Thus far on Spontaneous Lunacy we’ve had a good mix of artists, hopefully some that are at least moderately familiar to readers, while others admittedly were likely to draw more of a tilted head, eyebrows raised look from those who are seeing these names for perhaps the first time. Not all of the artists of course will go on to leave a big mark on rock history. Which ones made it and why is one of the great underlying themes to these reviews as we attempt to analyze the hits and misses in order to paint a fuller picture of how the music evolved, what was capitalized on that would propel it to greater heights and also what fell by the wayside along the road to glory.

But there’s another curious note to be made here as all of the artists covered thus far – even those who released some very successful records IN the fifties – are known mostly for their work in the forties.

Not any more.

This entry is in some ways a look into the future. Though rock itself was still just getting its footing in the fall of 1947 and among those making it were a handful of seasoned vets experimenting with the new approach, there was also a lot of ambitious newcomers who seized on it right from the start as their chance for stardom and self-expression. An opportunity to define themselves out of the gate with a style untainted by familiarity, a blank canvas on which to paint their own portrait.

If anybody in rock’s early days was keen on writing their own life story surely it’d have to be Smiley Lewis, as he’d seemingly been forced to create himself from scratch along life’s road already.

 
I Ain’t From Nowhere And No Places Have I Been
Overton Amos Lemons had been orphaned as a boy and raised by a white woman in New Orleans. Or at least that’s how the story goes. His birth mother, Lilly Mae, passed away at some point during her son’s formative years, that much we know for certain, but while the rest of the family remained together with the other children being raised by a stepmother when their father re-married, what happened to young Overton remains more clouded. Some claim he was sent away to the city by his family who perhaps couldn’t sufficiently care for him. Others suggest he ran away from home – the most colorful version has him and some friends hopping a train for a joyride and when the others jumped off as it sped along he was too afraid to do the same and rode until it reached the end of the line in the big city.
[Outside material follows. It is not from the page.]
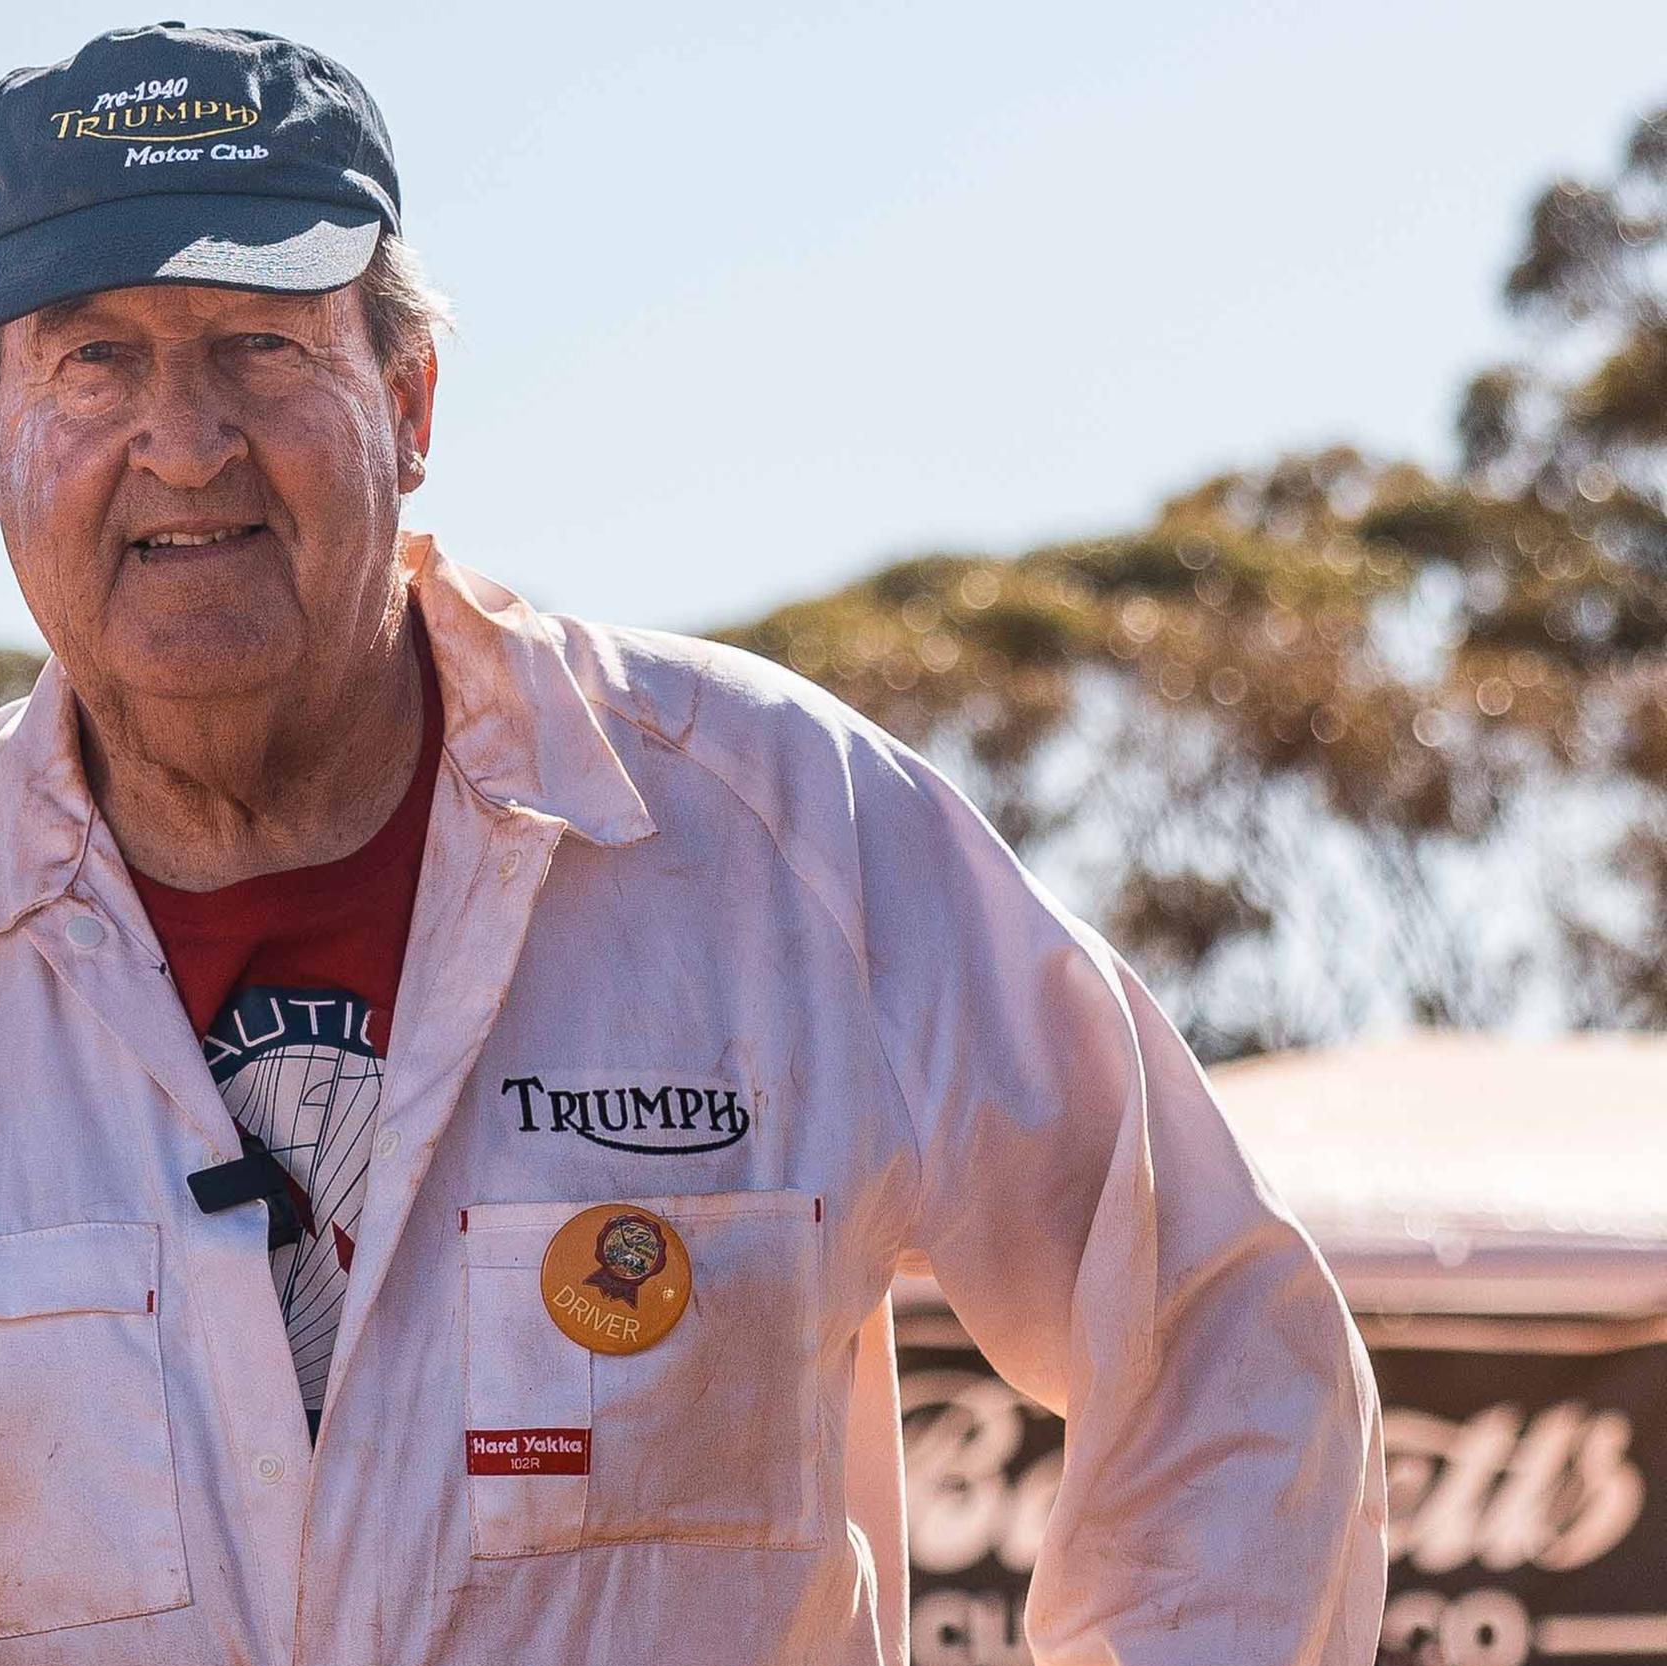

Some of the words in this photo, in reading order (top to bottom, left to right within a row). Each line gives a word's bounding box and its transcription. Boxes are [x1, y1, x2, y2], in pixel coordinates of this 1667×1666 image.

Once arrived, however he got there, he found himself overwhelmed in the bustling environs of New Orleans and was taken in by a family in the Irish section of town. How much of all this was speculation, how much of it truth, how much of it was a colorful tale of Smiley’s own creation will likely never be fully known. Regardless, Lewis was certainly on his own at a fairly early age and like many of the kids raised in the fertile soil of the bayou he was drawn towards music.

Along the way Smiley learned guitar, joined a band that included pianist Tuts Washington, who’d go on to be one of the city’s local legends, and in his early twenties Lewis (the name possibly coming from the white woman who may have raised him) got married, did odd jobs and sang with the band on the side.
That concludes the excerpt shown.